*AIM OF THE TASK:* Please reproduce the entries below exactly as they stand, but leave the pictures out.

*GIVEN INFORMATION:*
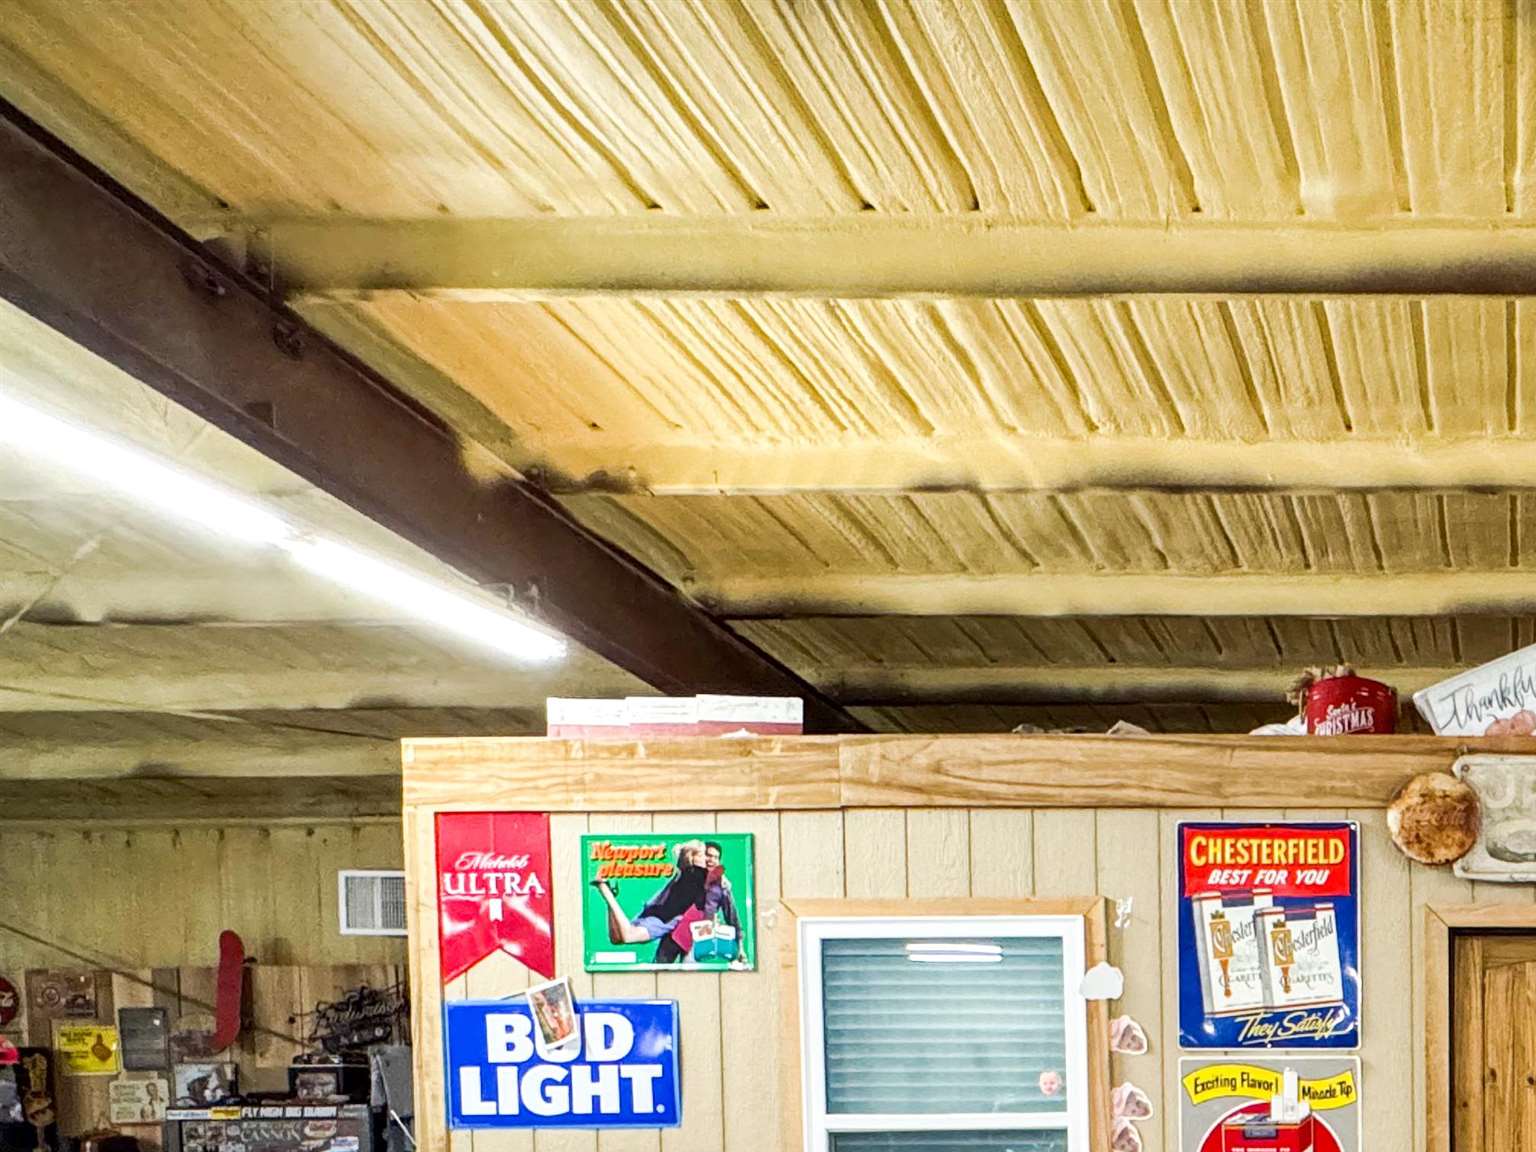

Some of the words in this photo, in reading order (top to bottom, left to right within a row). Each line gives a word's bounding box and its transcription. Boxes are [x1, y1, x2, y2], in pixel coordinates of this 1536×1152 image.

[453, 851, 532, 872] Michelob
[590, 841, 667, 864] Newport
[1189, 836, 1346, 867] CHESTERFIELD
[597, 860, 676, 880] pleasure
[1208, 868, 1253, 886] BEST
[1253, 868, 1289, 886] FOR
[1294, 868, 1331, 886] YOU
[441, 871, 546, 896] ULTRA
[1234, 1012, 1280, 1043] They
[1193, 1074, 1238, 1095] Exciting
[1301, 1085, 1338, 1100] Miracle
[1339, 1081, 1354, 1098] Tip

*TASK SOLUTION:*
Some of the words in this photo, in reading order (top to bottom, left to right within a row). Each line gives a word's bounding box and its transcription. Boxes are [x1, y1, x2, y2], in pixel coordinates of this 1536×1152 image.

[453, 851, 532, 872] Michelob
[590, 841, 667, 864] Newport
[1189, 836, 1346, 867] CHESTERFIELD
[597, 860, 676, 880] pleasure
[1208, 868, 1253, 886] BEST
[1253, 868, 1289, 886] FOR
[1294, 868, 1331, 886] YOU
[441, 871, 546, 896] ULTRA
[1234, 1012, 1280, 1043] They
[1193, 1074, 1238, 1095] Exciting
[1301, 1085, 1338, 1100] Miracle
[1339, 1081, 1354, 1098] Tip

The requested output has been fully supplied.